Fun with Cold Pile Composting
Getting down into that buried pile of kitchen scraps once a week or once every two weeks may not sound like fun to some people, but those who understand the whys and hows of composting on the other hand; can have a lot of fun with a cold pile.
Children just love cold pile composting, especially when adults are interested in talking about it. Not everyone is like you or I and enjoys digging up a putrid rotting mass of left-overs just to pile more on, but that could change if they knew what is so kool about it all.
Like most cold pile composters, I look forward to that special day every two weeks when I can open up my cold pile and harvest some “black-gold of the earth.” And sure enough, I can, as long as I keep a couple of practical things in mind like:
- Are only organic wastes going into the pile? (left-overs, kitchen scraps, paper, wood…etc)
- Are these materials going into the pile free of harmful agents? (toxic wastes, high concentrations of insecticide or other pollutants…etc)
- Is the pile itself free of harmful agents that might be nearby? (acid rain, leaking sewer system, gas station or mechanic’s run-off…etc)
If we answer YES to all of those and keep our basic rules of cold pile composting in order, like carbon/nitrogen ratio and keeping new material well distributed throughout the pile with ample oxygen supply, two weeks is all it should take without a single scent.
Reminding people that for every 1 part of rotting animal or plant mass we throw along something like between 25 to 30 parts high carbon based materials: dry leaves, dry straw, newspaper, cardboard, woodchips or sawdust the pile might scare some people, but it should do the work itself if left alone.
What makes cold pile composting fun?
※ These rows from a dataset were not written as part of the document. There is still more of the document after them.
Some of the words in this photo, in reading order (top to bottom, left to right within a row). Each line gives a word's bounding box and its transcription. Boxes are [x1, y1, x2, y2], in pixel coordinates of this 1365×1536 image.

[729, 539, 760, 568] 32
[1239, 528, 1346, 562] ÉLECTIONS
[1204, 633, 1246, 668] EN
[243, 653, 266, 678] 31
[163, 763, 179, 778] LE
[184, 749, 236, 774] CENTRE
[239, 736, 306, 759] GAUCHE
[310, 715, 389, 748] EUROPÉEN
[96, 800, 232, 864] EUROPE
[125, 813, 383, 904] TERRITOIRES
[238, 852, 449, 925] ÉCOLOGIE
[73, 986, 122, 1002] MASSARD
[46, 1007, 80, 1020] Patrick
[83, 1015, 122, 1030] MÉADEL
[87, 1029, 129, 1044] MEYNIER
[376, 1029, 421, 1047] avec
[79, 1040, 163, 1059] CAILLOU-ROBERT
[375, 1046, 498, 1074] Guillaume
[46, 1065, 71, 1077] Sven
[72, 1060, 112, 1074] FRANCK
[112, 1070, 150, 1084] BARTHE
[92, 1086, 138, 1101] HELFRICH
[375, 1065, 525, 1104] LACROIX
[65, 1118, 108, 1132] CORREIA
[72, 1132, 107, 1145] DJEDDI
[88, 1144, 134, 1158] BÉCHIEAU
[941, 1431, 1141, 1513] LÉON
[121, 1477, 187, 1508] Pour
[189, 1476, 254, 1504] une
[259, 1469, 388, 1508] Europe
Not the hows, but the whys! It may sound strangely religious, and I guess it is after all, but communion with nature and the earth!
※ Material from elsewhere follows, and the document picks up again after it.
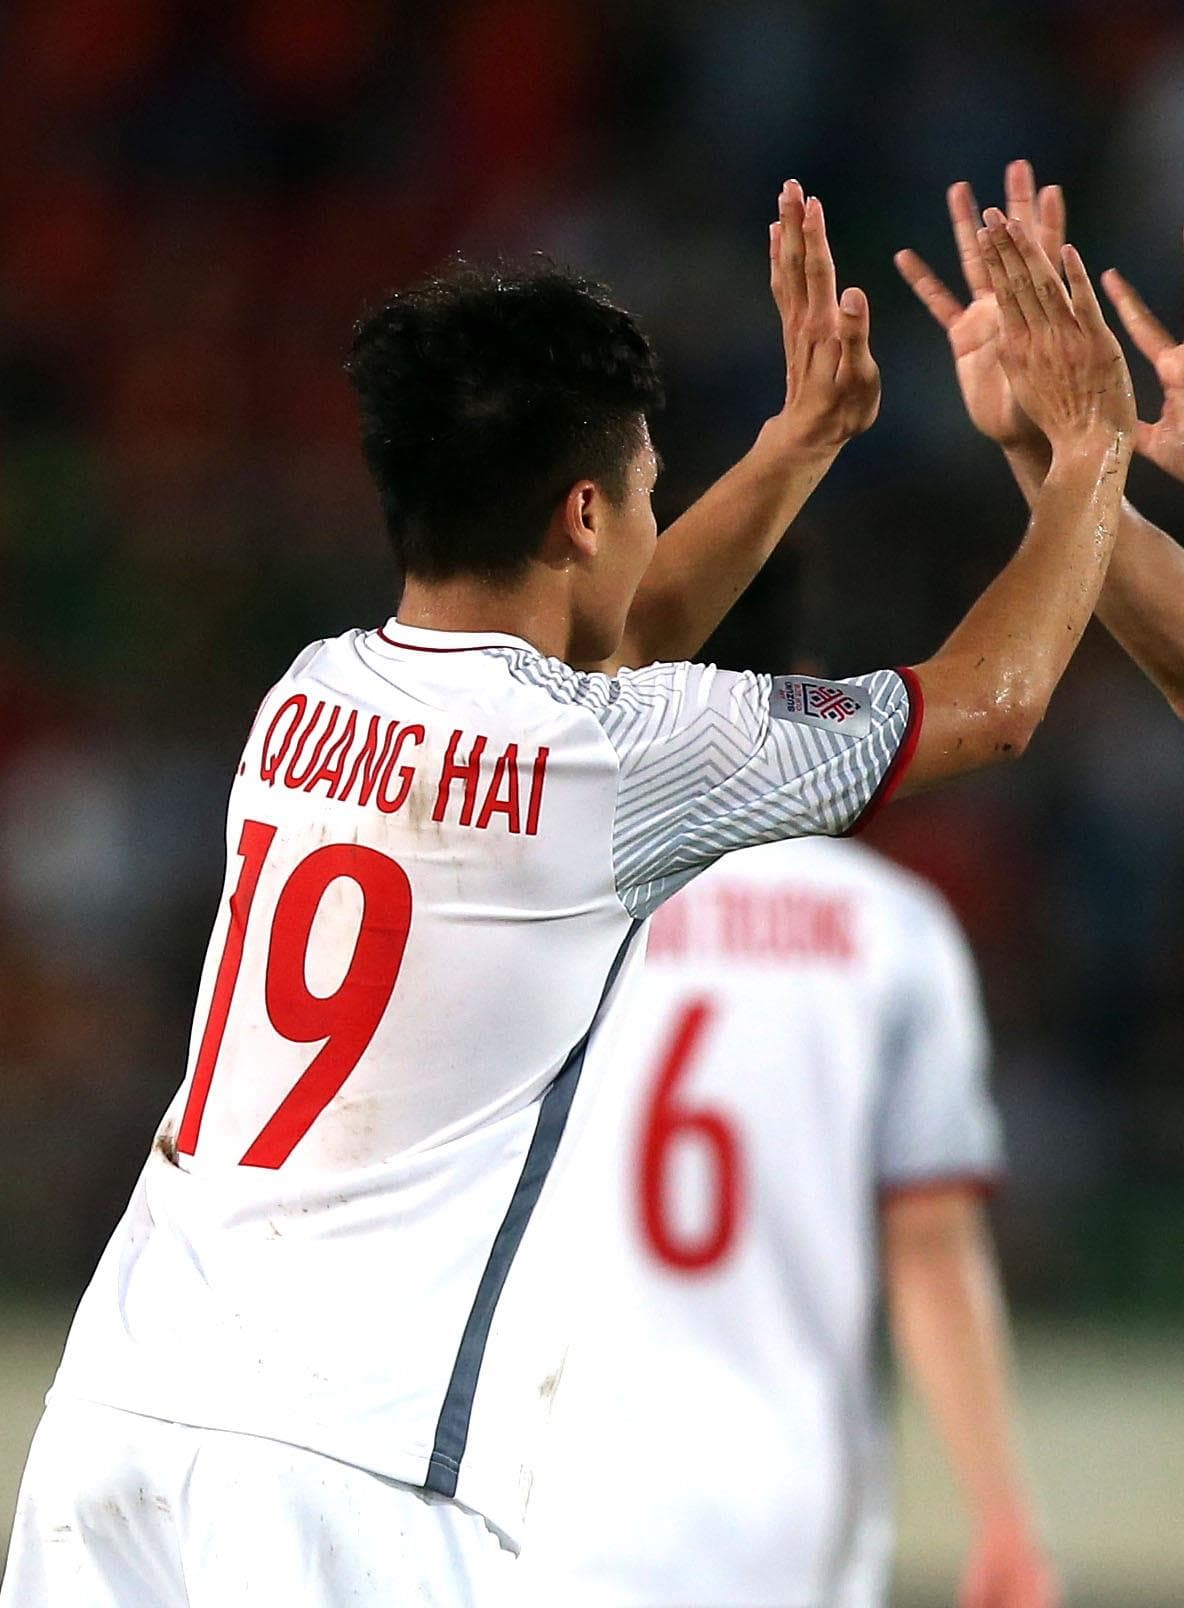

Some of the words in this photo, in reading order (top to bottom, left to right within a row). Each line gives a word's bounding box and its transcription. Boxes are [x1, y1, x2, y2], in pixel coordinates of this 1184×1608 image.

[260, 693, 426, 814] QUANG
[431, 729, 550, 836] HAI
[175, 819, 413, 1170] 19
[633, 994, 746, 1276] 6
I don’t want this entry to sound too personal, but when I get my hands in the dirt, I can feel myself connecting somehow, in a spiritual way.
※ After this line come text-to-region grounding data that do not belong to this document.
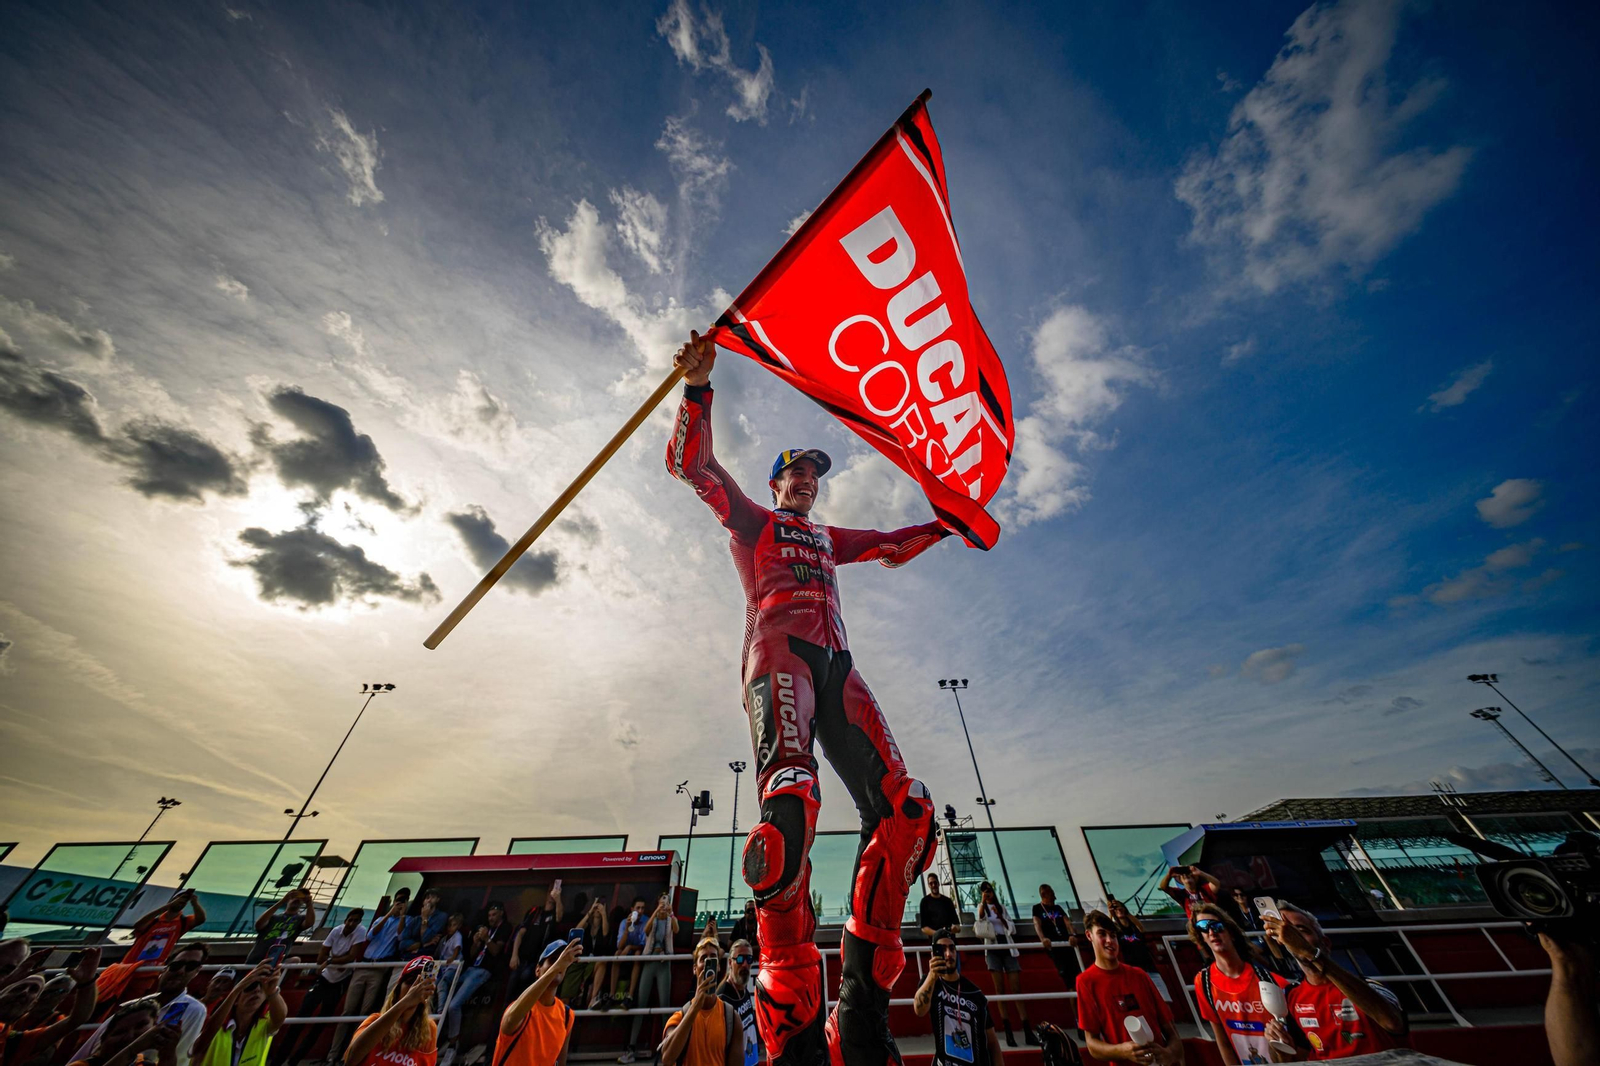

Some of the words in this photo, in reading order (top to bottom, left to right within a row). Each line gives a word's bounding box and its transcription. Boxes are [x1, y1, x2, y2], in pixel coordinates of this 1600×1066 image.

[776, 672, 803, 757] DUCATI
[29, 904, 76, 918] CREARE
[74, 907, 115, 920] FUTURO
[938, 990, 977, 1012] MotoGP
[1214, 999, 1265, 1014] MotoE
[1234, 1021, 1255, 1030] TRACK
[375, 1051, 417, 1066] Moto
To really get down to the earth and put your heart into making that cold pile; something that mother nature can be proud of; is not hard at all to do, but putting your heart into it, that is something that makes the pile take on a whole different meaning.
Nobody should ever be ashamed of having fun while composting a cold pile, it is as noble an art as any other composting technique, probably due to its simplicity. I myself just pick up a bag of sawdust at the furniture mill up the street and throw it over my pile once a month, looks great and smells like Douglas FirJ
Kids like to listen about why we compost, and showing them how simple it can be with a cold pile is a sure fire way to get more people back in tune with their heritage (the earth).
Cold pile composting is fun because it is prewritten in our very cells, from a time when our ancestors knew what it meant to respect the very soil we eat from.
Rejoice in the simplicity of composting your own cold pile today, be proud of that feeling, tell others and always try to just “let go” of all those worries, be one with the soil and you will be happy.